Havasupai has been called a paradise, and deservedly so.  Havasupai is  a favorite destination for the first time hiker.  However some of these new time campers, and admittedly many of the old ones, do not seem to understand the idea of “Leave no Trace”.

Leave no Trace is a system of ethics regarding the use and protection of public lands. It is a system of ethics, because often one may follow rules only when there is a possibility of getting caught.

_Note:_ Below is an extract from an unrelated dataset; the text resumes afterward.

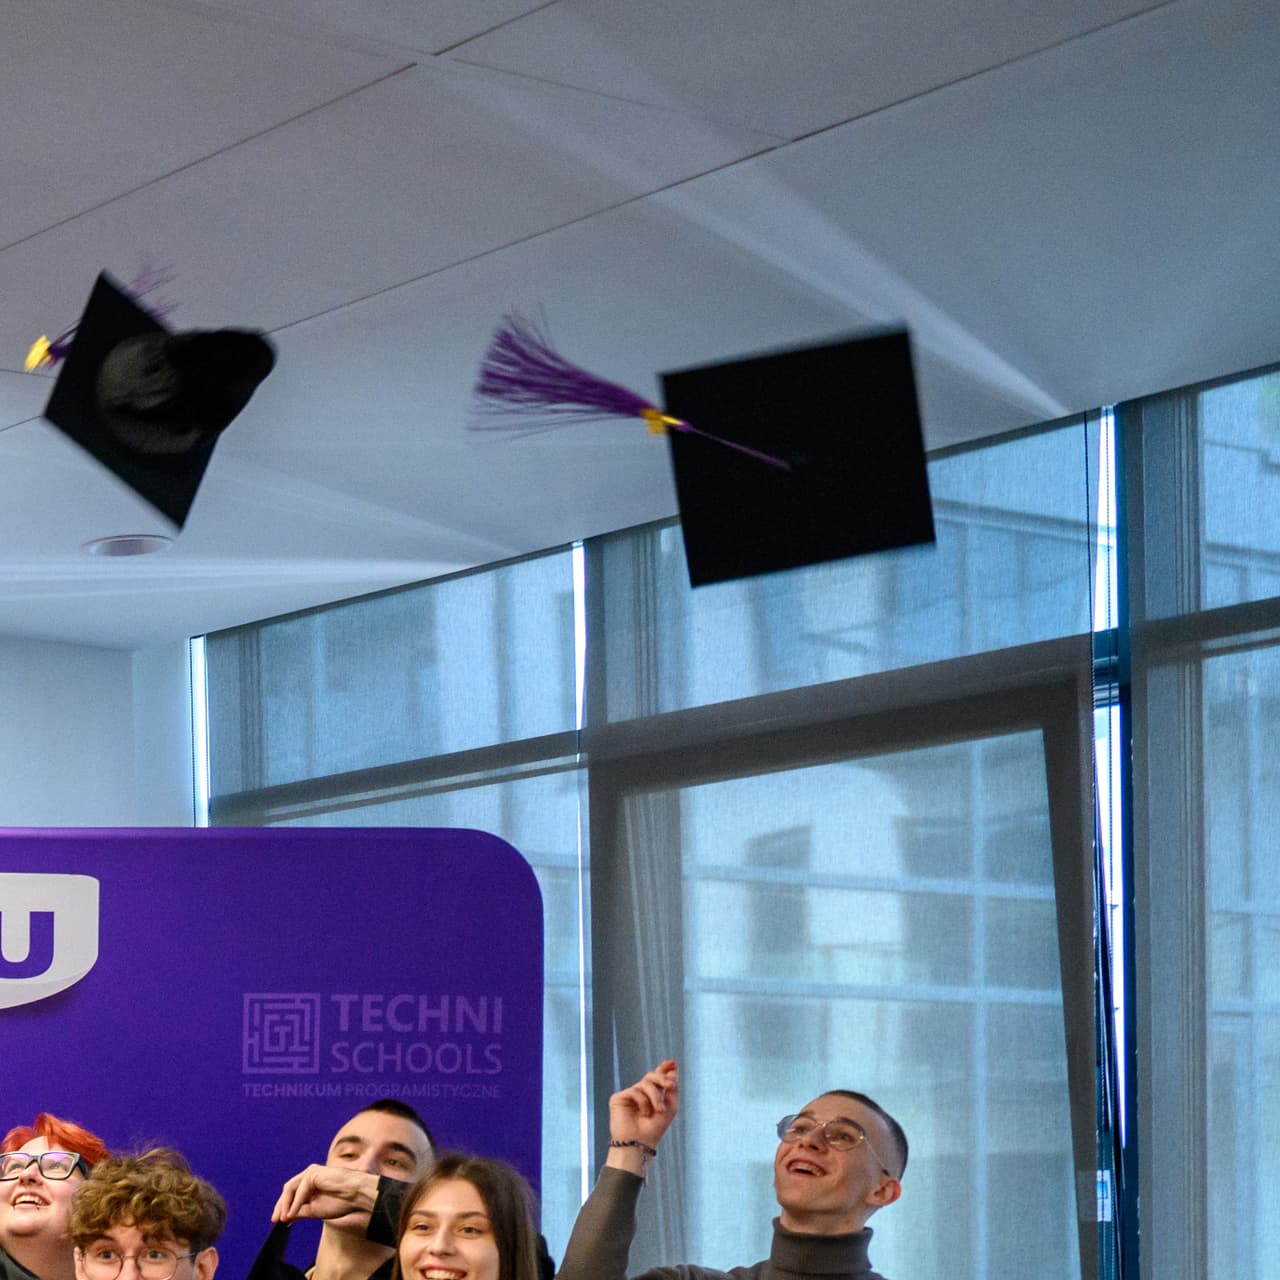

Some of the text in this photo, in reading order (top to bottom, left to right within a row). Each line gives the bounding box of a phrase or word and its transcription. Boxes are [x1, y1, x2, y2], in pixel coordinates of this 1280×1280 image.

Ethics are what one does when no one is watching.  There are a list of principles of “Leave No Trace”.

Plan ahead and prepare.
Make sure of the regulations before starting down.  Don’t go without a permit.  Day hikes are not allowed.  Alcohol and illegal drugs are prohibited, and use of same is disrespectful.  Yes, there are those who indulge and they usually get away with it.  However when visiting a friend’s home, one respects the wishes of said friend.  The Havasupai do not allow alcohol.  The same goes for cliff diving, drones, and professional photography.

Travel and Camp on Durable surfaces
Stay on the trail.  Admittedly, most of the trail is in a wash, but in those last, long, sunny switchbacks, do not take shortcuts between said switchbacks.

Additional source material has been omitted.